Professor Michael Dreher
Director of the Clinic for Pneumology and Internal Intensive Medicine (Medical Clinic V), Uniklinik RWTH Aachen
It’s our job to provide the basis for decisions
The COVID-19 pandemic began with a stress test both for us at Uniklinik RWTH Aachen and for the region’s healthcare system as a whole. An enormous outbreak of the pandemic in Heinsberg that brought with it a large number of infections in a short period brought many hospitals to their limits.
A lot has happened since then, and we have had to learn many lessons and draw some conclusions: it does not matter how many hospital beds we have if the number of patients continues to rise. It really does matter that the politicians make the right decisions at the right time as this has a considerable effect on all our lives. That is why the science in and of the pandemic, with the discoveries it has made, has done valuable work. This is all the more visible since this work translated directly into political decisions. It is not the scientists, or in this case the doctors, who are responsible for developing protective measures against the Coronavirus. That is not our job.
But with our results and studies, we can provide the basis for such appropriate measures to be taken. In Aachen, right at the start of the pandemic, we created a program in which all those patients treated for COVID-19 in Uniklinik RWTH Aachen were added to a prospective, longitudinal cohort study to monitor the course of their illness.
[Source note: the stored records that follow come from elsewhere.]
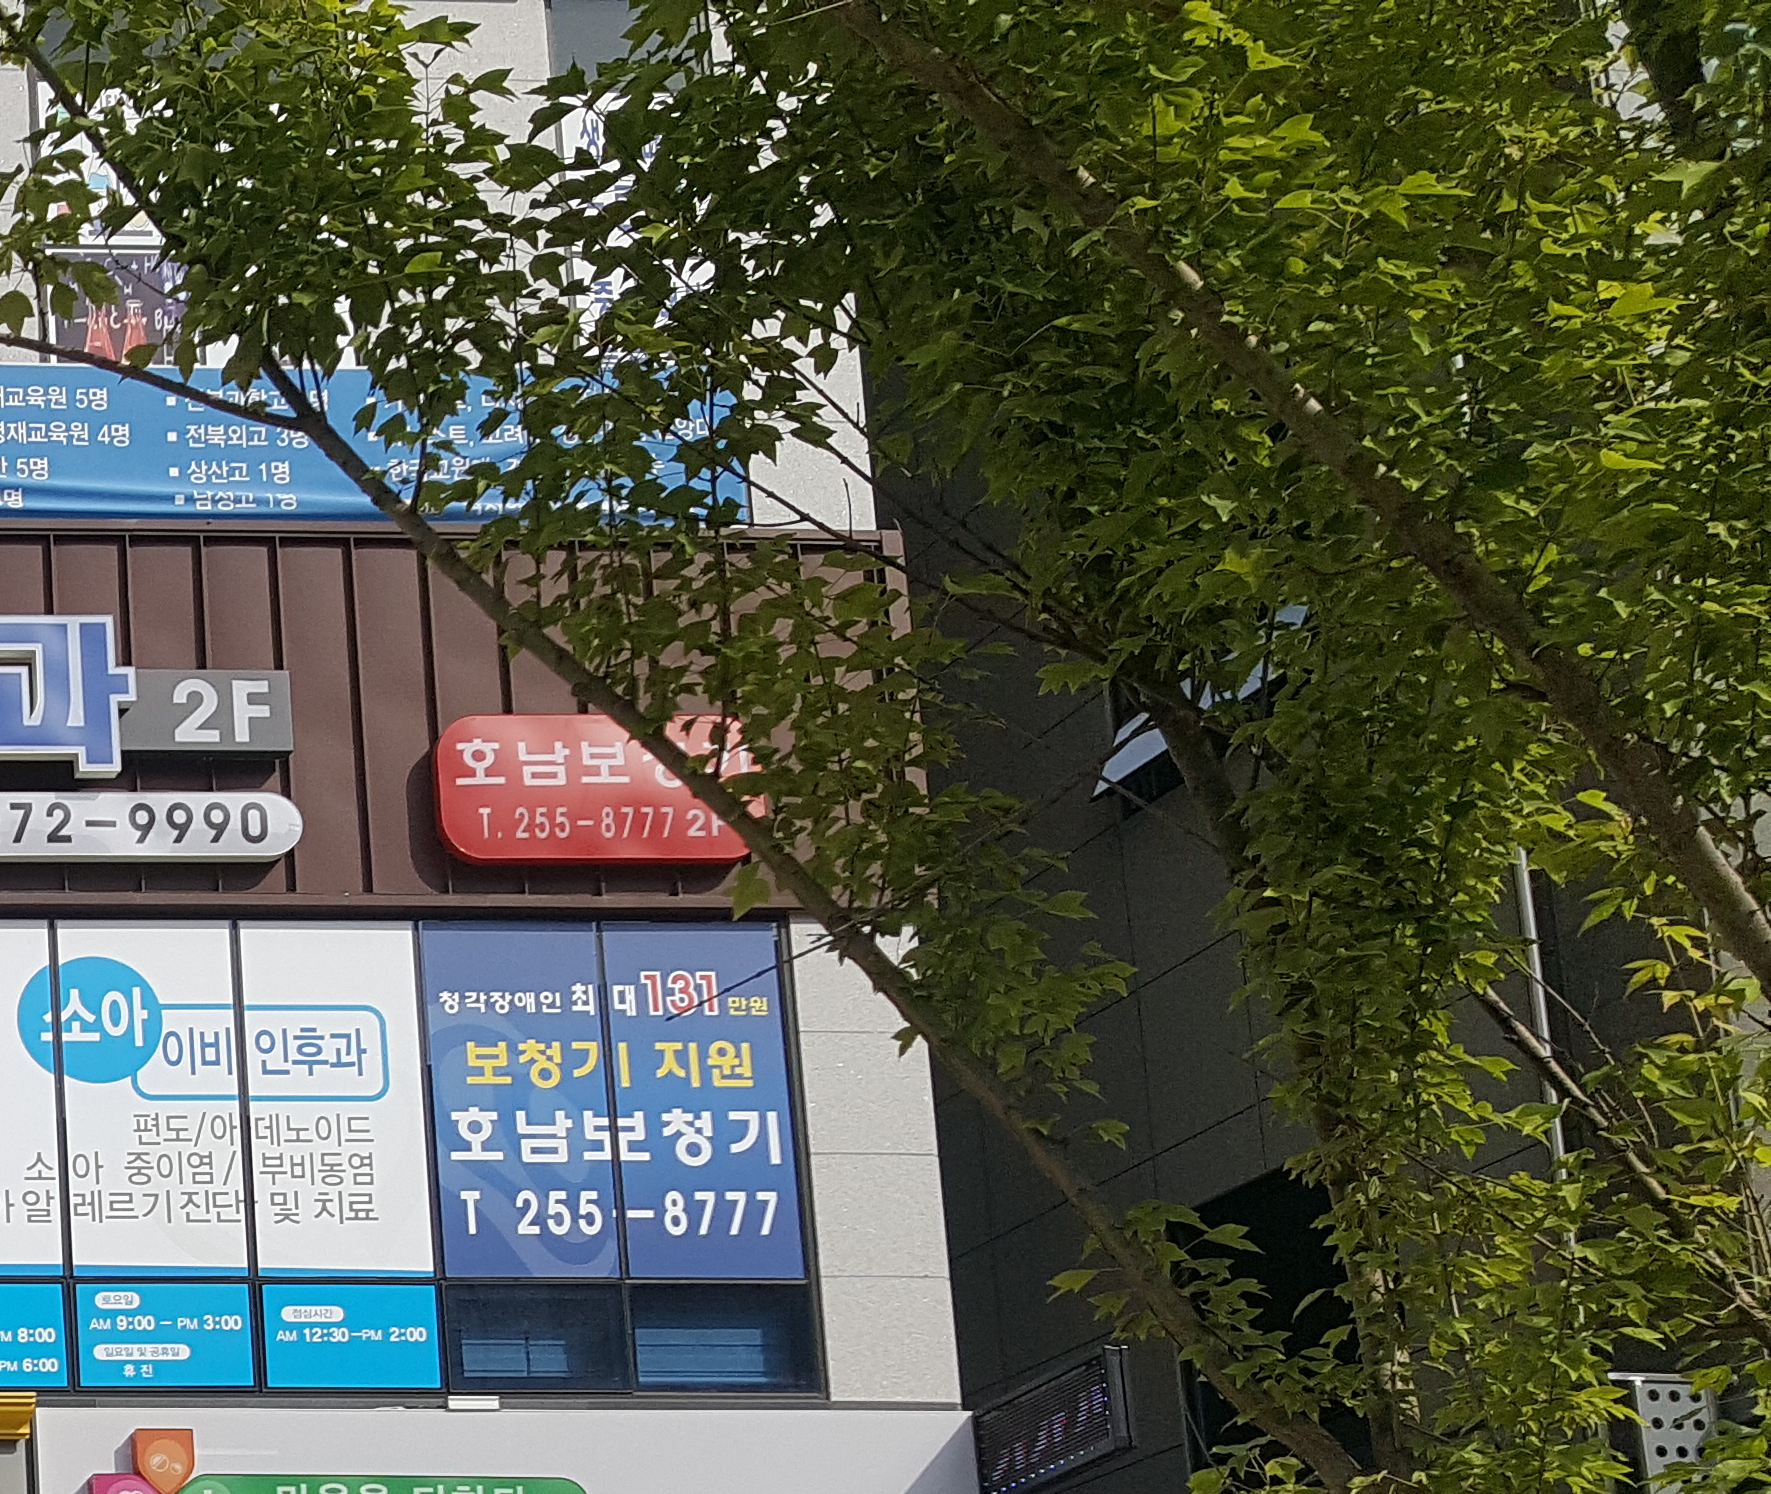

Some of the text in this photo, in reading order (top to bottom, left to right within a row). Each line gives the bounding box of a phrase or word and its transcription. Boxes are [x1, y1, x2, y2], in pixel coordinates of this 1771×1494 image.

[75, 386, 109, 411] 5명
[98, 421, 130, 447] 4명
[186, 424, 268, 448] 전북외고
[16, 457, 49, 480] 5명
[187, 460, 290, 484] 상산고 1명
[193, 490, 256, 510] 남성고
[172, 679, 270, 743] 2F
[514, 807, 675, 838] 255-8777
[439, 982, 636, 1017] 청각장애인 최대
[40, 987, 367, 1076] 소아 이비인후과
[465, 1040, 755, 1089] 보청기 지원
[450, 1106, 782, 1166] 호남보청기
[270, 1191, 380, 1224] 및 치료
[460, 1190, 778, 1237] T 255-8777
[17, 1327, 56, 1343] 8:00
[89, 1315, 242, 1330] AM 9:00 PM 3:00
[276, 1327, 427, 1342] AM 2:00
[22, 1358, 58, 1372] 6:00
It was as early as in March 2020 that the first patient entered into the COVID-19 Aachen Study (COVAS). This study has since garnered a great deal of scientific knowledge, both uniquely from Aachen, and also in collaboration with other hospitals. Here is an example: together with scientists from the Universitätsklinikum Hamburg-Eppendorf (UKE), we at Uniklinik RWTH Aachen launched a pilot study in which we identified two biomarkers that can be used to indicate the severity of a COVID-19 case. The biomarkers were detected by taking blood samples from the patients.
Up until that point, upon the patient’s arrival in hospital, it had been difficult to predict just how severely the course of the illness would progress and what the patient’s chance of survival was simply based on the usual lab work and the existing clinical investigation methods. The results of the pilot study gave us a reason to hope that we would be able to identify COVID-19 patients with a higher chance of mortality, and in turn, we could then treat them more intensively.
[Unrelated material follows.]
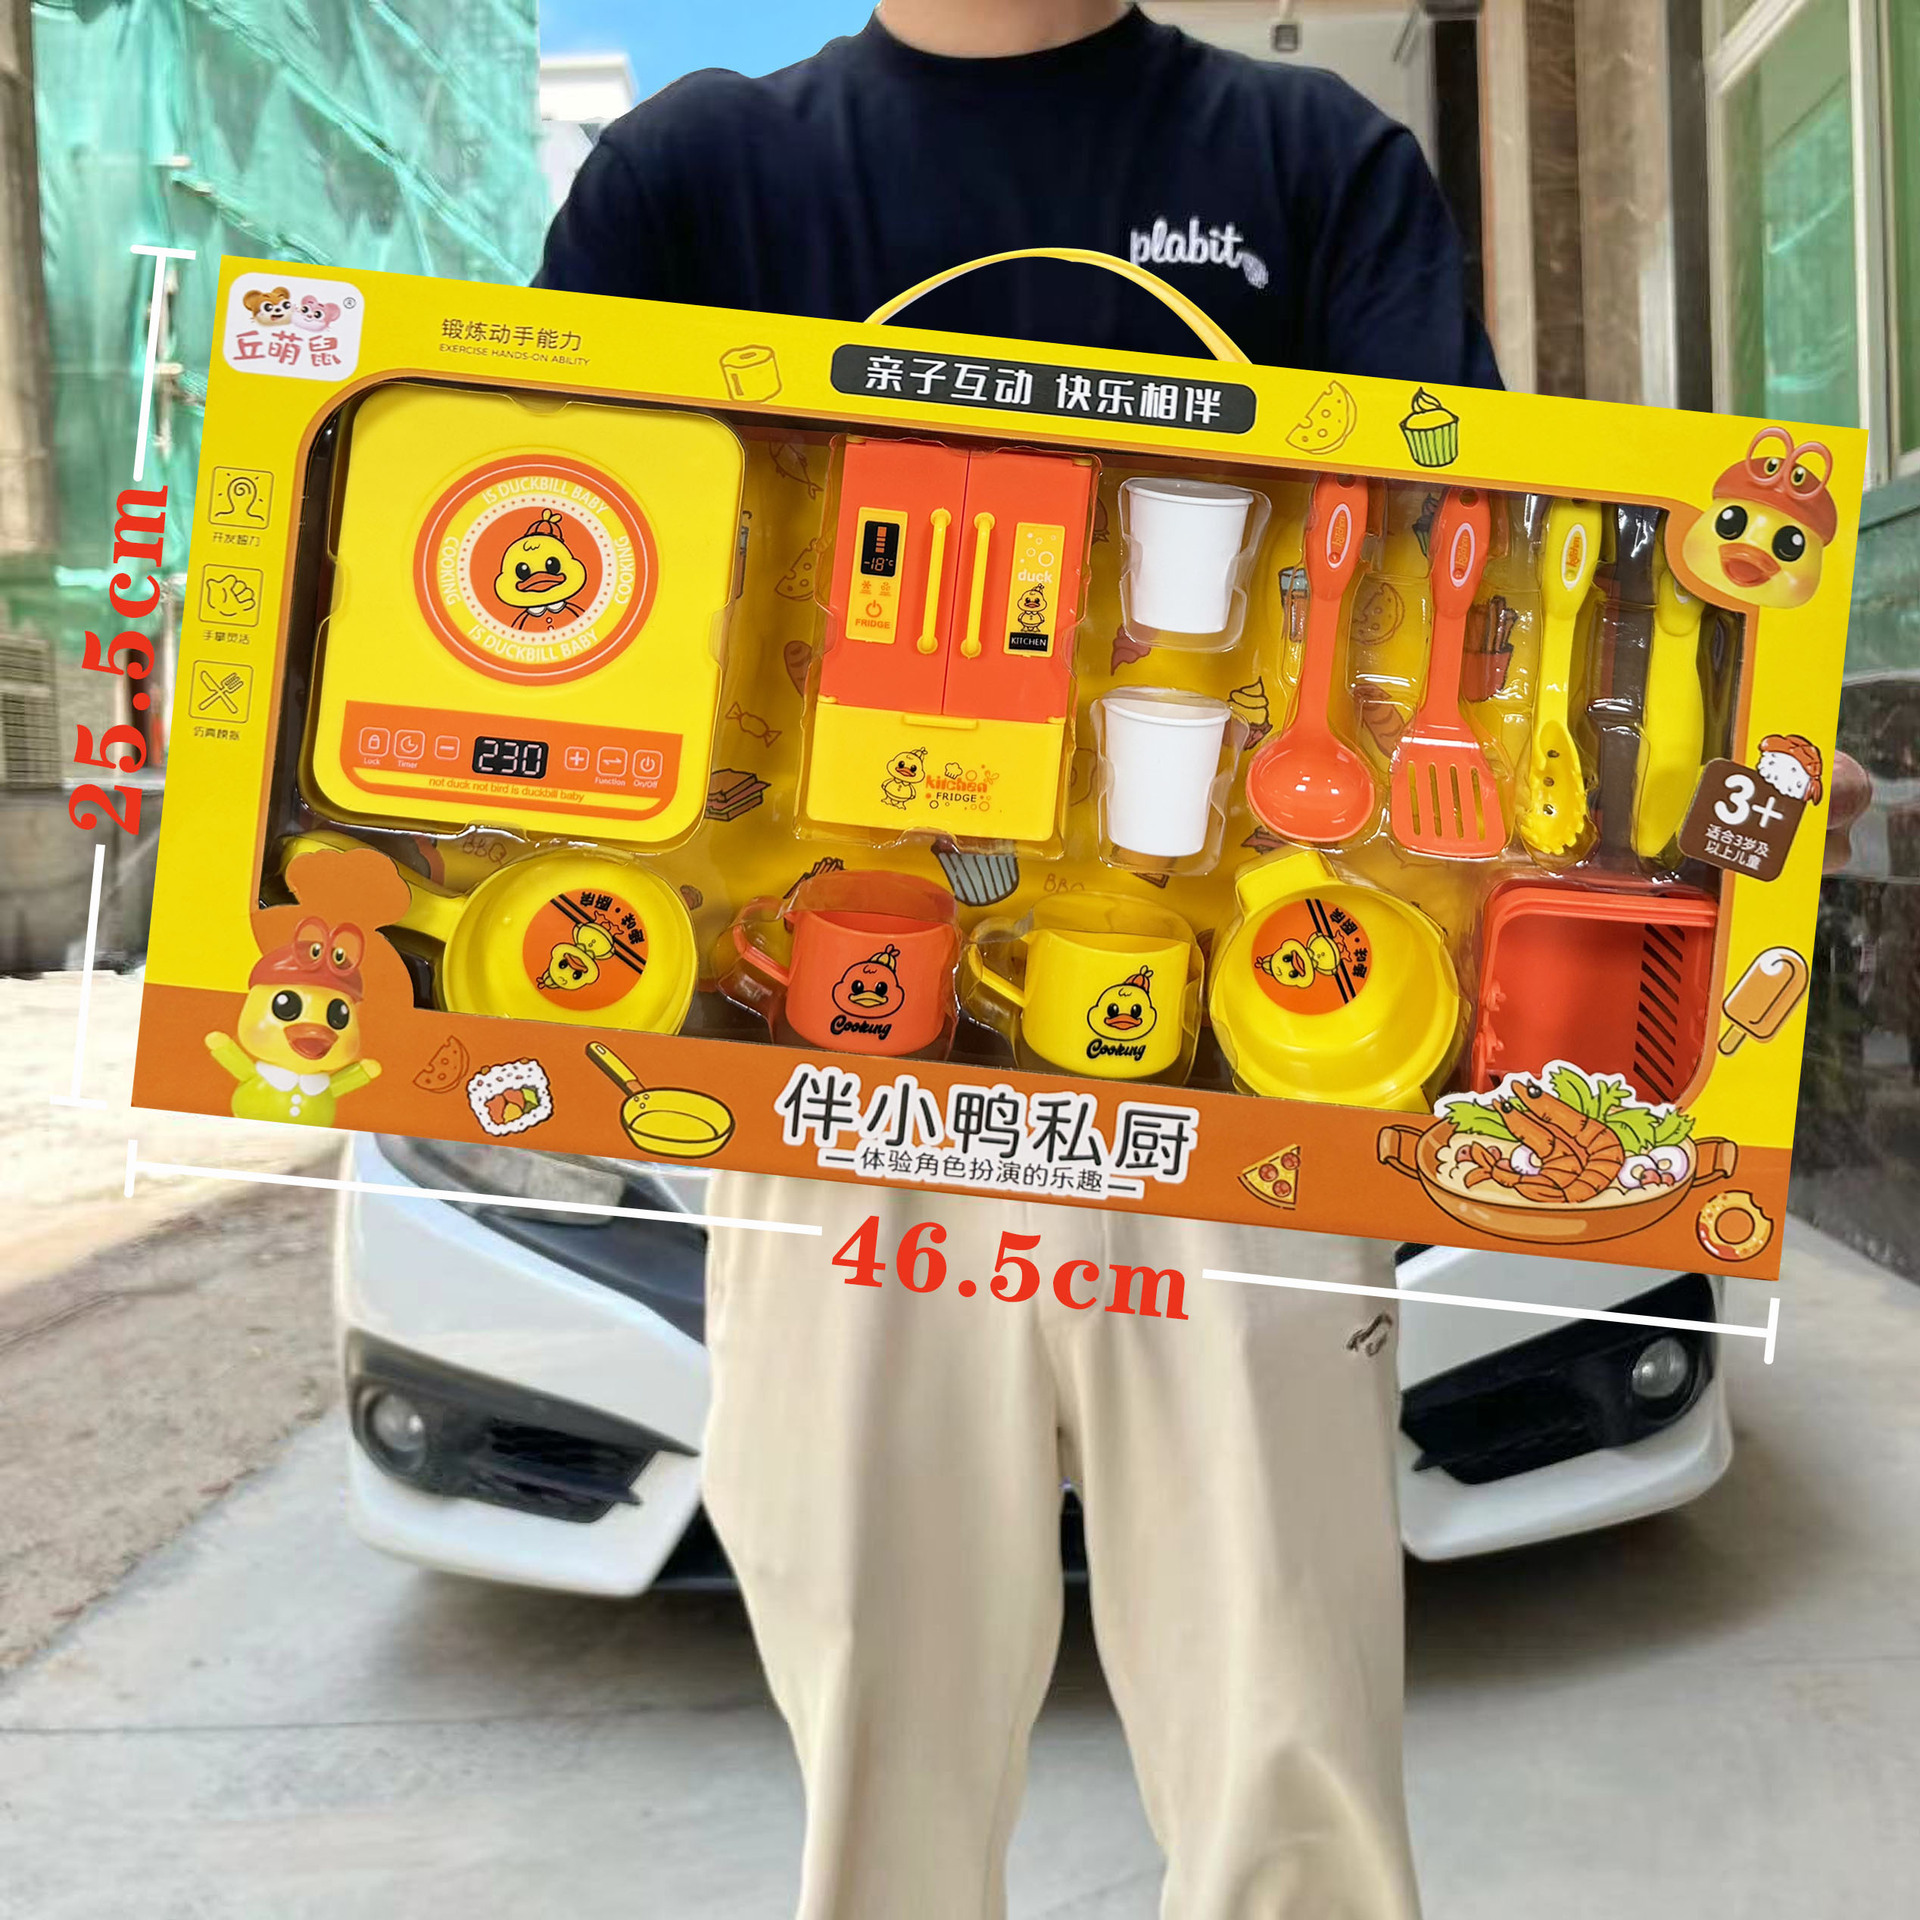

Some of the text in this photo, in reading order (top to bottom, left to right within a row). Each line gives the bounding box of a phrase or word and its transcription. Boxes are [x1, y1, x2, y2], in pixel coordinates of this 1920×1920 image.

The study really shows what our scientists are able to do in such a short period of time. After all, this study was carried out whilst the doctors were performing a full day’s work in hospital. The scientists and the hospitals with their complement of doctors and nurses have proven their worth time and time again throughout the pandemic. We have managed to rise up to the challenge, but we have also had to realize that the resources allocated for such work are limited. We have also had to comprehend that how our results are transferred into society is indeed the final, most important, and decisive step in the process. This is the step that we cannot take alone. Due to its innovative potential, the German Science and Humanities Council in Aachen has honored the multi-discipline location consisting of RWTH and the Innovation Center Digital Medicine at Uniklinik RWTH Aachen as a pioneering beacon for digital medicine in Germany. Joint interaction between Medicine and Technology really is what is needed to drive forward the interdisciplinary digitalization in the field of healthcare.